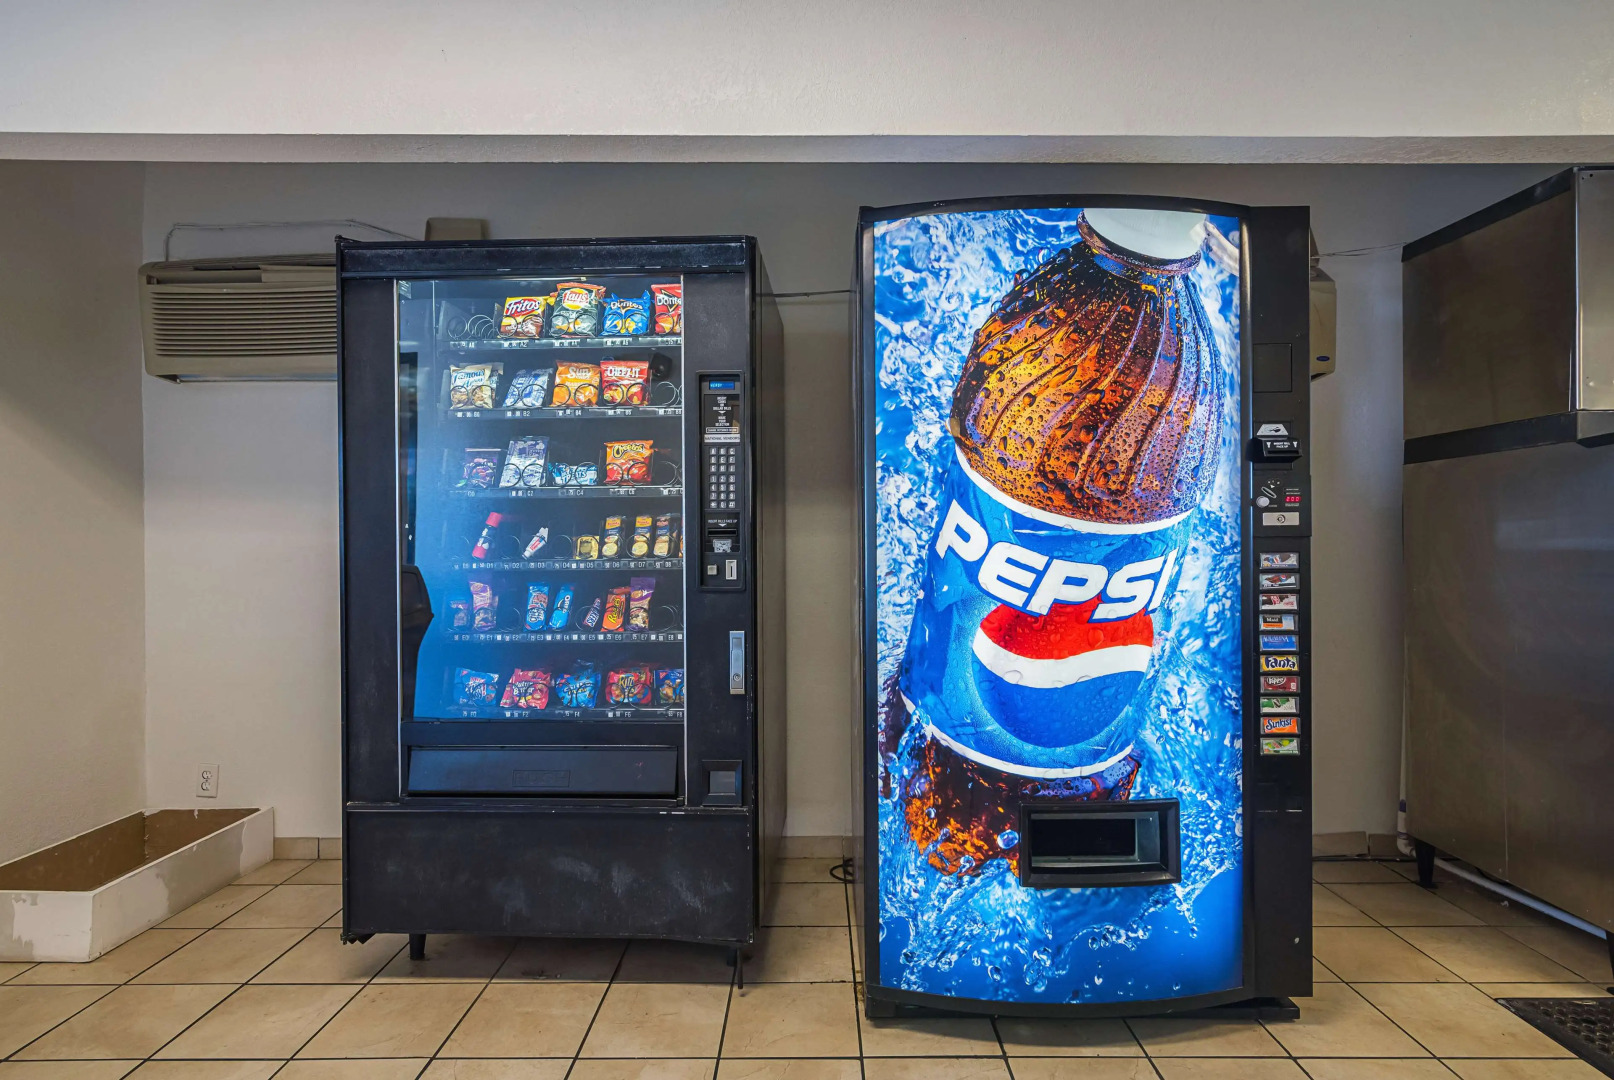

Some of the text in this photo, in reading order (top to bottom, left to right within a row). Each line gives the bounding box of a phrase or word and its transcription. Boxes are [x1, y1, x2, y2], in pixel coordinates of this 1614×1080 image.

[506, 299, 541, 315] Fritos
[611, 301, 643, 310] Doritos
[612, 443, 644, 459] Cheetos
[936, 499, 1179, 620] PEPSI
[1264, 656, 1296, 669] Fanta
[1266, 718, 1292, 730] Sunkist
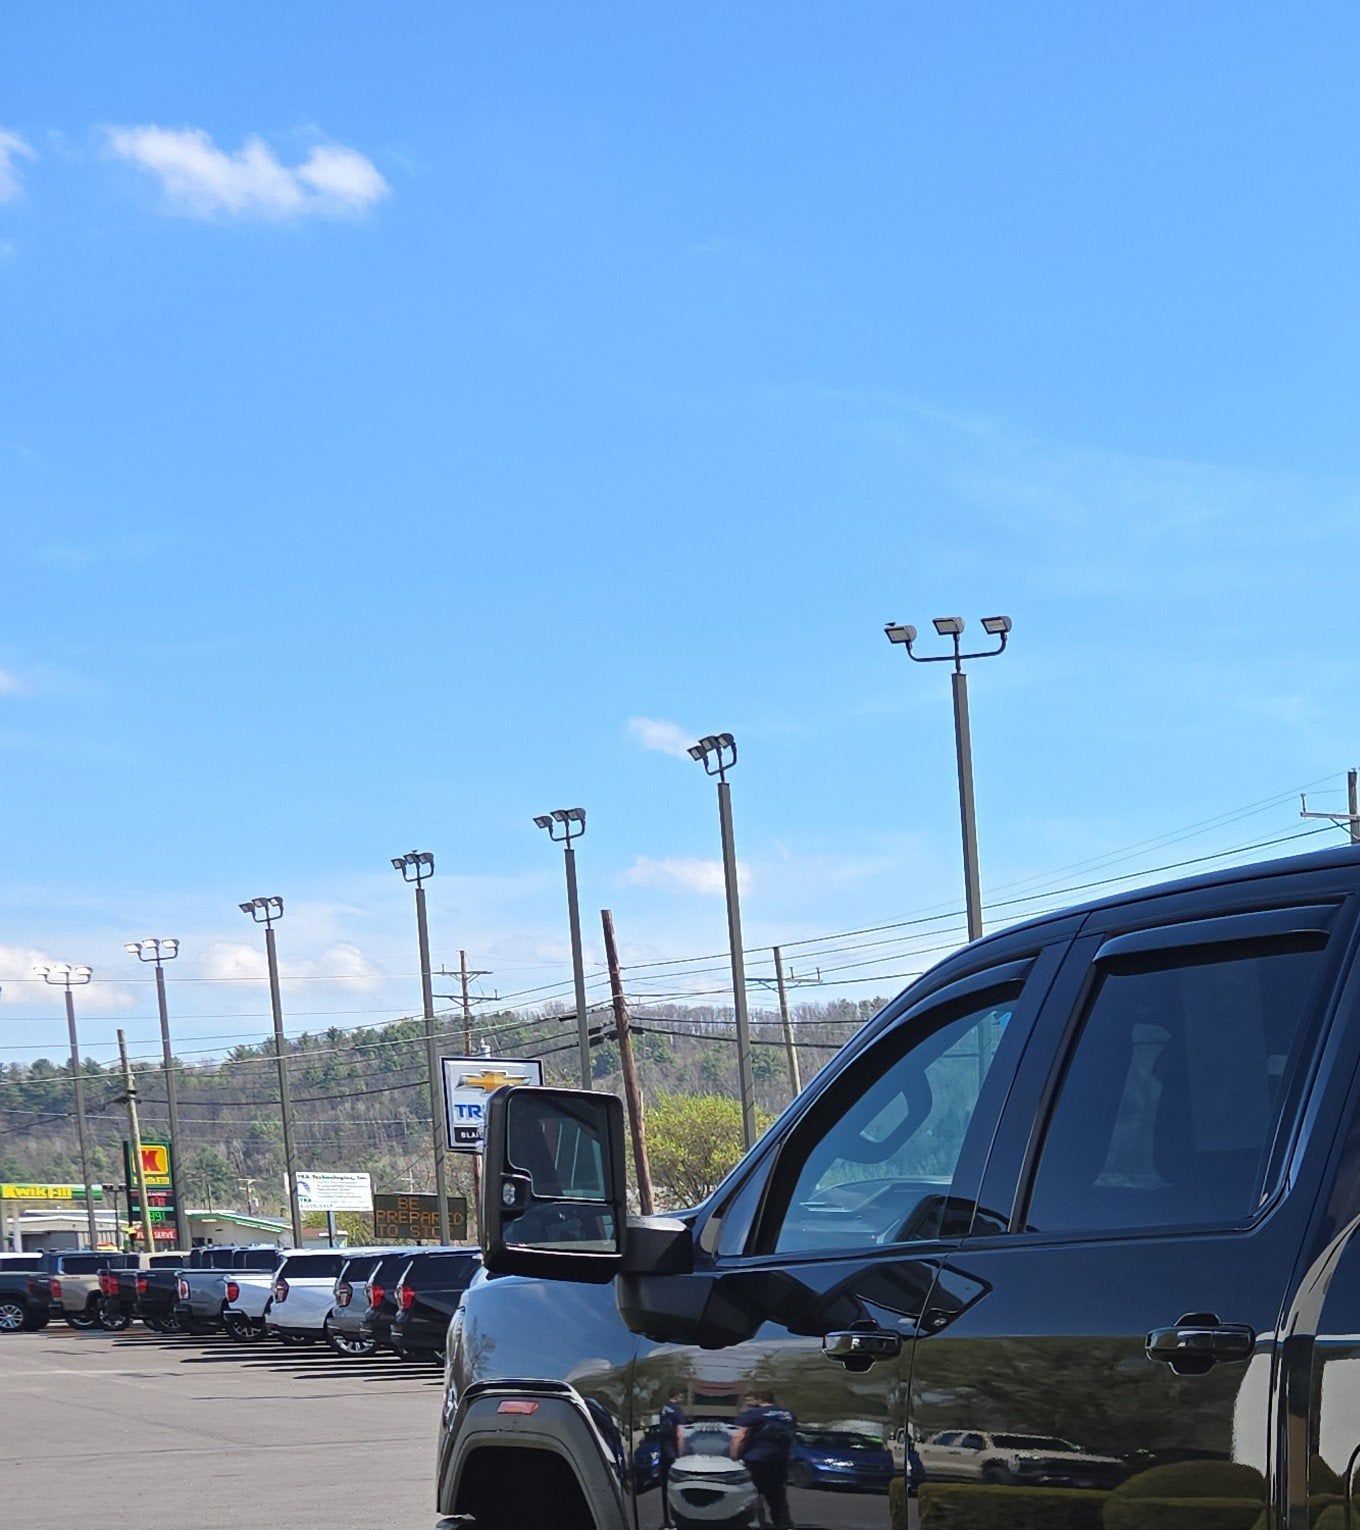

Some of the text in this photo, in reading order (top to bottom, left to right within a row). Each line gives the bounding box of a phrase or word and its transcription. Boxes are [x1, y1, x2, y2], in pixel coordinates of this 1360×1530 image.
○ ○ ○
## PROBLEM STATEMENT
Set down the data again, exactly, without images.

## ANSWER SECTION
Some of the text in this photo, in reading order (top to bottom, left to right within a row). Each line gives the bounding box of a phrase or word and its transcription. Boxes are [x1, y1, x2, y2], in pixel coordinates of this 1614×1080 image.

[506, 299, 541, 315] Fritos
[611, 301, 643, 310] Doritos
[612, 443, 644, 459] Cheetos
[936, 499, 1179, 620] PEPSI
[1264, 656, 1296, 669] Fanta
[1266, 718, 1292, 730] Sunkist

Some of the text in this photo, in reading order (top to bottom, left to right within a row). Each line gives the bounding box of a phrase or word and its transcription. Boxes are [x1, y1, x2, y2], in pixel coordinates of this 1360×1530 image.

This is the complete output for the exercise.